O impacto do que ele viu não desviou de seu trabalho, e seu relatório subsequente foi tão bem pesquisado e documentado, e escrito vividamente, que causou mais do que indignação e repulsa. Isso acabou levando ao fim do PAC. Ruthless Arana foi forçado a liquidar a empresa em 1911, os acionistas não conseguiram nada. Investidores internacionais levaram seu dinheiro para a Ásia em busca de borracha extraída de forma mais ética.

Apenas alguns anos depois, Casement enfrentaria a forca por “alta traição”, acusado de recrutar jovens na Alemanha para lutar na batalha pela independência da Irlanda em casa. O caso foi um dos julgamentos mais famosos da história jurídica do Reino Unido e da Irlanda, e o recurso malsucedido girou em torno de se a “alta traição” poderia ser cometida fora do Reino Unido e da Irlanda. Muitos dos amigos poderosos e influentes de Casement estavam longe de serem vistos até então, graças ao vazamento de seus diários pessoais.

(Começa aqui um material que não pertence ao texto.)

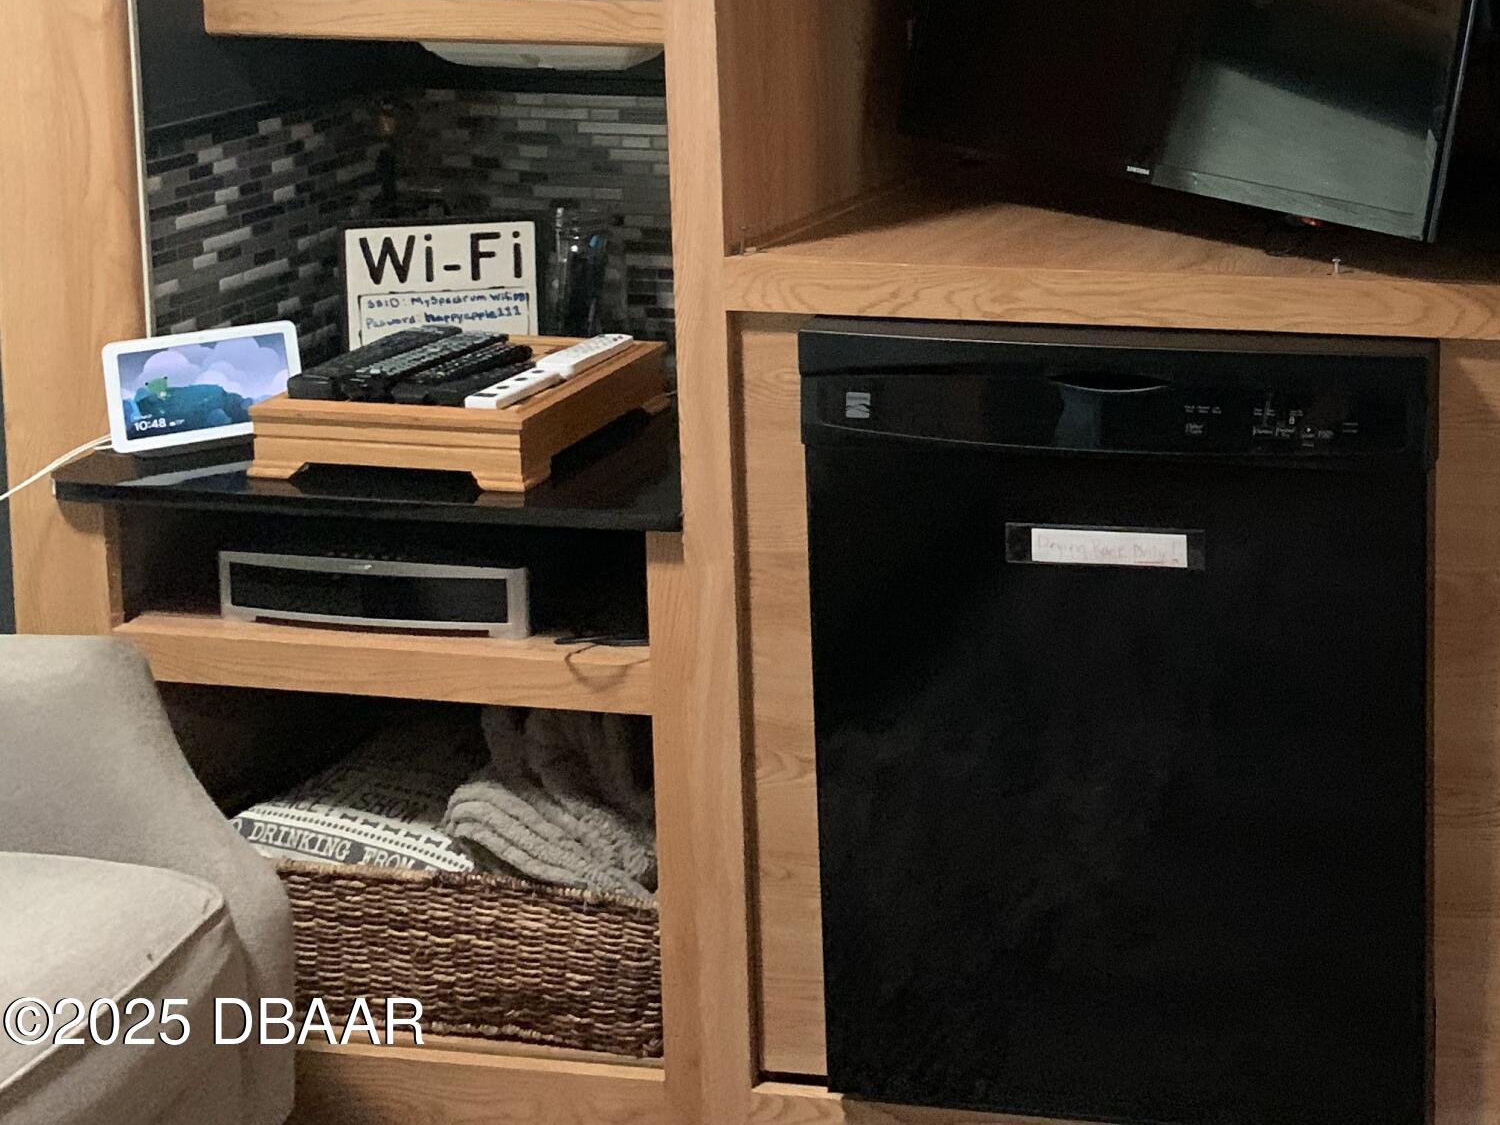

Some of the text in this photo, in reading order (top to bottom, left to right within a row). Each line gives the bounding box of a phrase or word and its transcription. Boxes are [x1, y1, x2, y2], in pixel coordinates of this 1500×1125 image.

Roger Casement é lembrado como um herói por muitos, e ninguém pode negar que sua influência foi significativa. Um padre católico que visitou na época do enforcamento fez a seguinte declaração: “Devemos estar orando para ele, em vez de para ele.” 

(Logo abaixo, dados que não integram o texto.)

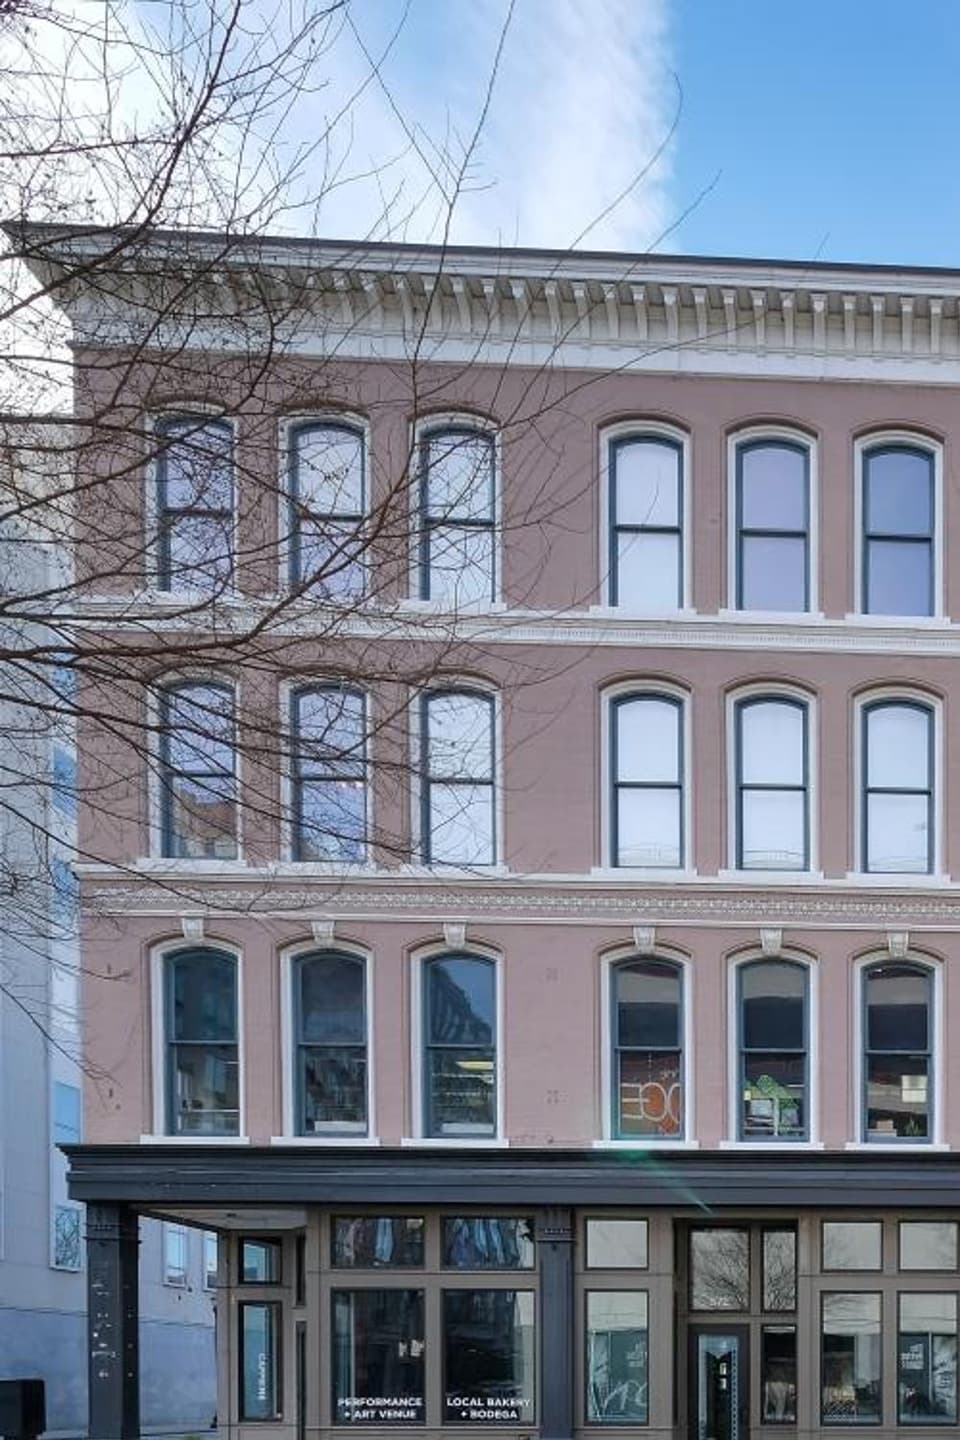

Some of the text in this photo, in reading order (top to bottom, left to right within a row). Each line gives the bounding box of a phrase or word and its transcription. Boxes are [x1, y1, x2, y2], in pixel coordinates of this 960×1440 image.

[337, 1397, 423, 1407] PERFORMANCE
[446, 1397, 531, 1407] LOCAL BAKERY
[354, 1410, 376, 1419] ART
[379, 1410, 417, 1419] VENUE
[469, 1410, 518, 1419] BODEGA

Sobre o filme “Os Segredos de Putumayo”

Descrição

Documentário sobre Roger Casement (1864-1916), o irlandês que é considerado o pai das investigações sobre violações de direitos humanos. Ações heróicas durante seu tempo na África, no Brasil e em sua Irlanda natal ainda ecoam hoje.

Data de lançamento: 1 de setembro de 2022
Diretor: Aurélio Michiles
Elenco: Stephen Rea
Mais infos em Revista de Cinema

Trechos de ‘The Black Diaries’

28 de fevereiro de 1910, Brasil

“Parafuso profundo até o punho… Rua do Hospicio, 3$ só quarto bom. Feche a janela. Adorável, jovem – 18 e glorioso. Maior desde Lisboa julho de 1904… Perfeitamente enorme.”

13 de janeiro de 1910

“Gabriel Ramos – X Deep to hilt” e terminou “em estocadas muito profundas”.

2 de março de 1910, São Paulo

“Respirado e rápido empurrão enorme. Amou poderosamente. Para Hilt Deep X.”